◆ WHAT THE TASK REQUIRES
Output each record in full, exactly as it stands.

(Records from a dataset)
-------

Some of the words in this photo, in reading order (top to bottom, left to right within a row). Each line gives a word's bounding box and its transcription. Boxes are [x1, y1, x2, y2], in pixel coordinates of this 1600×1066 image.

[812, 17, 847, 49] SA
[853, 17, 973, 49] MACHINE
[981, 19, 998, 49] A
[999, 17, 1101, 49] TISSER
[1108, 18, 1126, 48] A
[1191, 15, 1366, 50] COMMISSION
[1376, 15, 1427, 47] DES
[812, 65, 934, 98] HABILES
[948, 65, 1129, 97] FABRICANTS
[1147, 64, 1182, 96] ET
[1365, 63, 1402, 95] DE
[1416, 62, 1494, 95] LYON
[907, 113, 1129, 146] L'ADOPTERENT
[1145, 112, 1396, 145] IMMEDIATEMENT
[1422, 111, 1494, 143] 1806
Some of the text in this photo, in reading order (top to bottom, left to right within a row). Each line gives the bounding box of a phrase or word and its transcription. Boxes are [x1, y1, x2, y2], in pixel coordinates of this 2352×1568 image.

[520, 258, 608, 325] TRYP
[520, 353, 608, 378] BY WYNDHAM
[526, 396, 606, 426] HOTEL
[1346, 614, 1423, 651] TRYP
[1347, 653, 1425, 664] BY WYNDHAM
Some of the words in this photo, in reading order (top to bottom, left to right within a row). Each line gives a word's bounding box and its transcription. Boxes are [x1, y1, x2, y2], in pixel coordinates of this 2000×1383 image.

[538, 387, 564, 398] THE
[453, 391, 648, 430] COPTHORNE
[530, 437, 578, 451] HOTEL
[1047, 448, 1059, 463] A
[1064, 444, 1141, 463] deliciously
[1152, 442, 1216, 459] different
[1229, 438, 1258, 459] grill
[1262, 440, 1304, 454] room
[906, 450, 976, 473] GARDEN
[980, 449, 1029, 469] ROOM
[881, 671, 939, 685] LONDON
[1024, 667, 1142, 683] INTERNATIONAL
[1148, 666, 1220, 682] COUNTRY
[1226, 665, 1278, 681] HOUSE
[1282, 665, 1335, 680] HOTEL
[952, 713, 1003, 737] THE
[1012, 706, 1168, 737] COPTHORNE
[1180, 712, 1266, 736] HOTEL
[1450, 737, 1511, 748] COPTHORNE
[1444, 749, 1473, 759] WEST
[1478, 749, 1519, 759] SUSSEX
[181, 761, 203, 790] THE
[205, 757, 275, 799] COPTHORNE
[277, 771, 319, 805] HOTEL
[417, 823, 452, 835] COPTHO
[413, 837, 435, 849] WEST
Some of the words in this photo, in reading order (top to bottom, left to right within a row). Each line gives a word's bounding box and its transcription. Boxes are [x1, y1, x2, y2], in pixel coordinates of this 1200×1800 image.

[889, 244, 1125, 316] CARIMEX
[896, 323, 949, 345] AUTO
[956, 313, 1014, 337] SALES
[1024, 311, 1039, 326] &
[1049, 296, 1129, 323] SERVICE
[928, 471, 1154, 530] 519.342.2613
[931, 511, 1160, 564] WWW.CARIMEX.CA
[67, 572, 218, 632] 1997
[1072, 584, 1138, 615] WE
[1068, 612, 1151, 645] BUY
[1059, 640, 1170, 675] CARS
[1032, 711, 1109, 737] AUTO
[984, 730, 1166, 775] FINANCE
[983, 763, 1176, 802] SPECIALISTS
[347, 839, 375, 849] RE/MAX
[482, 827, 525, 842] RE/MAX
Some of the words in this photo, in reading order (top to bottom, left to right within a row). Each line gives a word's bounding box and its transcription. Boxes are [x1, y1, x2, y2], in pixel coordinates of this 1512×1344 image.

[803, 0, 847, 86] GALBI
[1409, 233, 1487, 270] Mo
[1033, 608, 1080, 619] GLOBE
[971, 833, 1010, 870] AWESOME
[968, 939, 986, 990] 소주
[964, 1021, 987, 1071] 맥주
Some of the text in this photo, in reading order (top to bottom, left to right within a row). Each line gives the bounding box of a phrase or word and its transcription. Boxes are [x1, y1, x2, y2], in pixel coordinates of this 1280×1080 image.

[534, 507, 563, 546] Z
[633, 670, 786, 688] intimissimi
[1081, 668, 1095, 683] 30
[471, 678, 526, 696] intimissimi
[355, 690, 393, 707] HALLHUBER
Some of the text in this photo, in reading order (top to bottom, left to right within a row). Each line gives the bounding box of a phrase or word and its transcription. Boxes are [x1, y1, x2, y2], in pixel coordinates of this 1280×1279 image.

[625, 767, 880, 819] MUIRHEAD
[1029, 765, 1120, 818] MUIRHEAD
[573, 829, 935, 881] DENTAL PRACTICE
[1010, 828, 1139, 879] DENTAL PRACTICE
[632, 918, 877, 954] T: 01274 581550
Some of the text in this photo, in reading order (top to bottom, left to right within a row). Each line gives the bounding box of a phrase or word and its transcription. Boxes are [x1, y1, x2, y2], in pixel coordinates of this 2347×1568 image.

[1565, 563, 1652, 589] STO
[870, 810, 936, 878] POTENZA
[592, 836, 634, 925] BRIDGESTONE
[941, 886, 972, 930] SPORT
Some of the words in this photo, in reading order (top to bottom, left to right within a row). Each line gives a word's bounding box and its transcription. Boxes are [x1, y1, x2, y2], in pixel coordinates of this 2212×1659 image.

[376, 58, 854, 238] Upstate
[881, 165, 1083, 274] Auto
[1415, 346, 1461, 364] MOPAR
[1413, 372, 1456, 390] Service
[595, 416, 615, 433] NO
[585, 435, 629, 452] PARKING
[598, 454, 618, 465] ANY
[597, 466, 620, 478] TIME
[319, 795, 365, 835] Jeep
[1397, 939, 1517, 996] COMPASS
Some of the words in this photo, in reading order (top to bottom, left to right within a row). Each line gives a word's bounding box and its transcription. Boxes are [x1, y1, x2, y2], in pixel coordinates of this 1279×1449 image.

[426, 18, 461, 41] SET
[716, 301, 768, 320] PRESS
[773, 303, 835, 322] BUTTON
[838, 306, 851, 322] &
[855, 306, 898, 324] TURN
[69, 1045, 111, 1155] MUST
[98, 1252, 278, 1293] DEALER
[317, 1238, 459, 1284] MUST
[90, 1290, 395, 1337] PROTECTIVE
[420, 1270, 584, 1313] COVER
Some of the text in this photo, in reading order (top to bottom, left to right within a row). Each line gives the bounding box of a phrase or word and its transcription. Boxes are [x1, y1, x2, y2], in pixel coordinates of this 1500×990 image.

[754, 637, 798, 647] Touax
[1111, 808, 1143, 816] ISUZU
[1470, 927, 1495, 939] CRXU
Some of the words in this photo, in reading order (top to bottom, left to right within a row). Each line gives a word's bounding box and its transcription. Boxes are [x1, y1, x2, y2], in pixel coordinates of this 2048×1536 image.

-------

◆ TASK OUTPUT
Some of the words in this photo, in reading order (top to bottom, left to right within a row). Each line gives a word's bounding box and its transcription. Boxes are [x1, y1, x2, y2], in pixel coordinates of this 1600×1066 image.

[812, 17, 847, 49] SA
[853, 17, 973, 49] MACHINE
[981, 19, 998, 49] A
[999, 17, 1101, 49] TISSER
[1108, 18, 1126, 48] A
[1191, 15, 1366, 50] COMMISSION
[1376, 15, 1427, 47] DES
[812, 65, 934, 98] HABILES
[948, 65, 1129, 97] FABRICANTS
[1147, 64, 1182, 96] ET
[1365, 63, 1402, 95] DE
[1416, 62, 1494, 95] LYON
[907, 113, 1129, 146] L'ADOPTERENT
[1145, 112, 1396, 145] IMMEDIATEMENT
[1422, 111, 1494, 143] 1806
Some of the text in this photo, in reading order (top to bottom, left to right within a row). Each line gives the bounding box of a phrase or word and its transcription. Boxes are [x1, y1, x2, y2], in pixel coordinates of this 2352×1568 image.

[520, 258, 608, 325] TRYP
[520, 353, 608, 378] BY WYNDHAM
[526, 396, 606, 426] HOTEL
[1346, 614, 1423, 651] TRYP
[1347, 653, 1425, 664] BY WYNDHAM
Some of the words in this photo, in reading order (top to bottom, left to right within a row). Each line gives a word's bounding box and its transcription. Boxes are [x1, y1, x2, y2], in pixel coordinates of this 2000×1383 image.

[538, 387, 564, 398] THE
[453, 391, 648, 430] COPTHORNE
[530, 437, 578, 451] HOTEL
[1047, 448, 1059, 463] A
[1064, 444, 1141, 463] deliciously
[1152, 442, 1216, 459] different
[1229, 438, 1258, 459] grill
[1262, 440, 1304, 454] room
[906, 450, 976, 473] GARDEN
[980, 449, 1029, 469] ROOM
[881, 671, 939, 685] LONDON
[1024, 667, 1142, 683] INTERNATIONAL
[1148, 666, 1220, 682] COUNTRY
[1226, 665, 1278, 681] HOUSE
[1282, 665, 1335, 680] HOTEL
[952, 713, 1003, 737] THE
[1012, 706, 1168, 737] COPTHORNE
[1180, 712, 1266, 736] HOTEL
[1450, 737, 1511, 748] COPTHORNE
[1444, 749, 1473, 759] WEST
[1478, 749, 1519, 759] SUSSEX
[181, 761, 203, 790] THE
[205, 757, 275, 799] COPTHORNE
[277, 771, 319, 805] HOTEL
[417, 823, 452, 835] COPTHO
[413, 837, 435, 849] WEST
Some of the words in this photo, in reading order (top to bottom, left to right within a row). Each line gives a word's bounding box and its transcription. Boxes are [x1, y1, x2, y2], in pixel coordinates of this 1200×1800 image.

[889, 244, 1125, 316] CARIMEX
[896, 323, 949, 345] AUTO
[956, 313, 1014, 337] SALES
[1024, 311, 1039, 326] &
[1049, 296, 1129, 323] SERVICE
[928, 471, 1154, 530] 519.342.2613
[931, 511, 1160, 564] WWW.CARIMEX.CA
[67, 572, 218, 632] 1997
[1072, 584, 1138, 615] WE
[1068, 612, 1151, 645] BUY
[1059, 640, 1170, 675] CARS
[1032, 711, 1109, 737] AUTO
[984, 730, 1166, 775] FINANCE
[983, 763, 1176, 802] SPECIALISTS
[347, 839, 375, 849] RE/MAX
[482, 827, 525, 842] RE/MAX
Some of the words in this photo, in reading order (top to bottom, left to right within a row). Each line gives a word's bounding box and its transcription. Boxes are [x1, y1, x2, y2], in pixel coordinates of this 1512×1344 image.

[803, 0, 847, 86] GALBI
[1409, 233, 1487, 270] Mo
[1033, 608, 1080, 619] GLOBE
[971, 833, 1010, 870] AWESOME
[968, 939, 986, 990] 소주
[964, 1021, 987, 1071] 맥주
Some of the text in this photo, in reading order (top to bottom, left to right within a row). Each line gives the bounding box of a phrase or word and its transcription. Boxes are [x1, y1, x2, y2], in pixel coordinates of this 1280×1080 image.

[534, 507, 563, 546] Z
[633, 670, 786, 688] intimissimi
[1081, 668, 1095, 683] 30
[471, 678, 526, 696] intimissimi
[355, 690, 393, 707] HALLHUBER
Some of the text in this photo, in reading order (top to bottom, left to right within a row). Each line gives the bounding box of a phrase or word and its transcription. Boxes are [x1, y1, x2, y2], in pixel coordinates of this 1280×1279 image.

[625, 767, 880, 819] MUIRHEAD
[1029, 765, 1120, 818] MUIRHEAD
[573, 829, 935, 881] DENTAL PRACTICE
[1010, 828, 1139, 879] DENTAL PRACTICE
[632, 918, 877, 954] T: 01274 581550
Some of the text in this photo, in reading order (top to bottom, left to right within a row). Each line gives the bounding box of a phrase or word and its transcription. Boxes are [x1, y1, x2, y2], in pixel coordinates of this 2347×1568 image.

[1565, 563, 1652, 589] STO
[870, 810, 936, 878] POTENZA
[592, 836, 634, 925] BRIDGESTONE
[941, 886, 972, 930] SPORT
Some of the words in this photo, in reading order (top to bottom, left to right within a row). Each line gives a word's bounding box and its transcription. Boxes are [x1, y1, x2, y2], in pixel coordinates of this 2212×1659 image.

[376, 58, 854, 238] Upstate
[881, 165, 1083, 274] Auto
[1415, 346, 1461, 364] MOPAR
[1413, 372, 1456, 390] Service
[595, 416, 615, 433] NO
[585, 435, 629, 452] PARKING
[598, 454, 618, 465] ANY
[597, 466, 620, 478] TIME
[319, 795, 365, 835] Jeep
[1397, 939, 1517, 996] COMPASS
Some of the words in this photo, in reading order (top to bottom, left to right within a row). Each line gives a word's bounding box and its transcription. Boxes are [x1, y1, x2, y2], in pixel coordinates of this 1279×1449 image.

[426, 18, 461, 41] SET
[716, 301, 768, 320] PRESS
[773, 303, 835, 322] BUTTON
[838, 306, 851, 322] &
[855, 306, 898, 324] TURN
[69, 1045, 111, 1155] MUST
[98, 1252, 278, 1293] DEALER
[317, 1238, 459, 1284] MUST
[90, 1290, 395, 1337] PROTECTIVE
[420, 1270, 584, 1313] COVER
Some of the text in this photo, in reading order (top to bottom, left to right within a row). Each line gives the bounding box of a phrase or word and its transcription. Boxes are [x1, y1, x2, y2], in pixel coordinates of this 1500×990 image.

[754, 637, 798, 647] Touax
[1111, 808, 1143, 816] ISUZU
[1470, 927, 1495, 939] CRXU
Some of the words in this photo, in reading order (top to bottom, left to right within a row). Each line gives a word's bounding box and its transcription. Boxes are [x1, y1, x2, y2], in pixel coordinates of this 2048×1536 image.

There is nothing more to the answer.